SpaceX Falcon Heavy Is Set To Launch Wild Stuff Into Orbit Including Human Remains

SpaceX has been very busy. In April it launched the second Falcon Heavy mission to push the Arabsat 6A satellite into orbit. In May another rocket sent 60 SpaceX Starlink microsatellites into orbit. And SpaceX is set to launch its next Falcon Heavy mission soon, and this one will be carrying a wide range of payloads.

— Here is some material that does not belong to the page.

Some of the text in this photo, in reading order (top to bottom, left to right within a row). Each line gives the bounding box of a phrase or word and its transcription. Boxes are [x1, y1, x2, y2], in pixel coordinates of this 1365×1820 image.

The mission is called Space Test Program-2 and is set to lift off between 11:30 p.m. ET on June 24 and 2:30 a.m. June 25 depending on the weather.

fakcon heavy

The oddest thing that the Falcon Heavy will be pushing into orbit is for a company called Celestis. Celestis makes arrangements for cremated remains of deceased loved ones to be sent into space. Families can decide to send capsules with between 1 gram and 7 grams of ashes into orbit. There are 152 capsules glued inside a flat metal sleeve; the sleeve is bolted to the upper deck of the Orbital Test Bed satellite that holds the NASA Deep Space Atomic Clock. It costs around $5,000 to send remains into orbit.

celestis capsules
SpaceX Celestis Capsule That Holds Human Remains Of Loved Ones

This next SpaceX mission will put 24 satellites into orbit along with the human remains. Elon Musk has said that this launch is SpaceX's most difficult mission yet and the reason is the various payloads on the rocket. The array of satellites require different orbits to operate, and the spacecraft has to make multiple engine burns. One of the satellites for a NASA mission that will put the Deep Space Atomic Clock into orbit.

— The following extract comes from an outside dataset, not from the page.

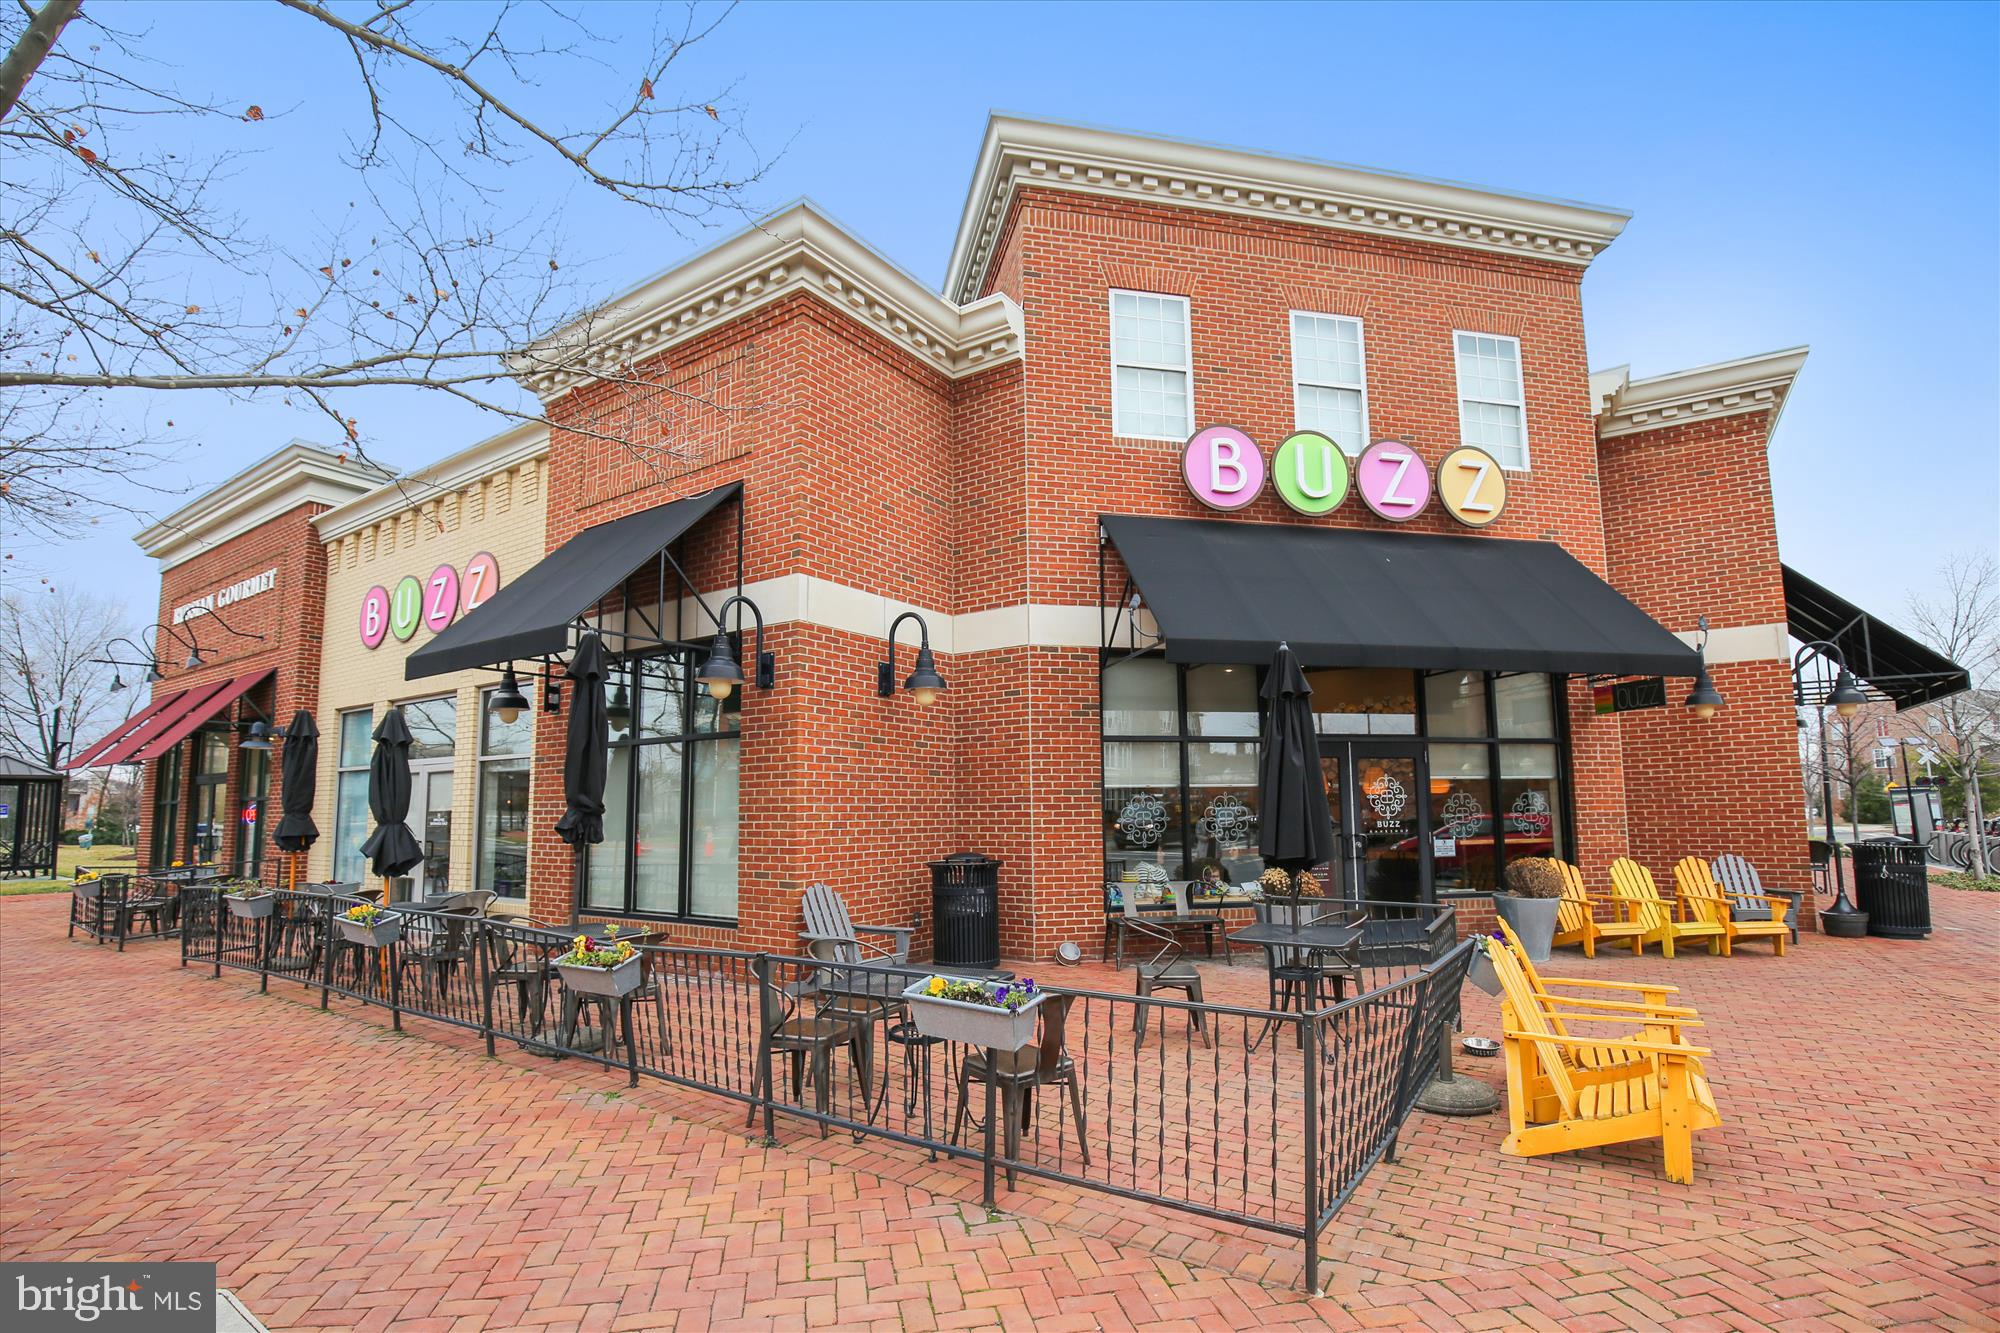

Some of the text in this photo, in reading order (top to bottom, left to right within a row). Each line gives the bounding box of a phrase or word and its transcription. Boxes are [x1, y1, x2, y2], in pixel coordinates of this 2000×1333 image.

[1209, 437, 1494, 512] BUZZ
[218, 568, 277, 608] GOURMET
[366, 564, 488, 637] BUZZ
[1376, 820, 1401, 828] BUZZ

Another satellite holds the Planetary Society's LightSail that could change how spacecraft propel themselves through deep space. NASA also has the Green Propellant Infusion Mission (GPIM) launching on the Falcon Heavy rocket. GPIM is a new type of propellant that was developed for the USAF meant to serve as an alternative to hydrazine, which is the current fuel used by most satellites.

Hydrazine requires all manner of complex handling and storage precautions and gives off toxic fumes. The new green propellant is called hydroxylammonium nitrate and produces no toxic fumes. The fuel is safe enough that you could have a jar of it on your desk and not smell anything.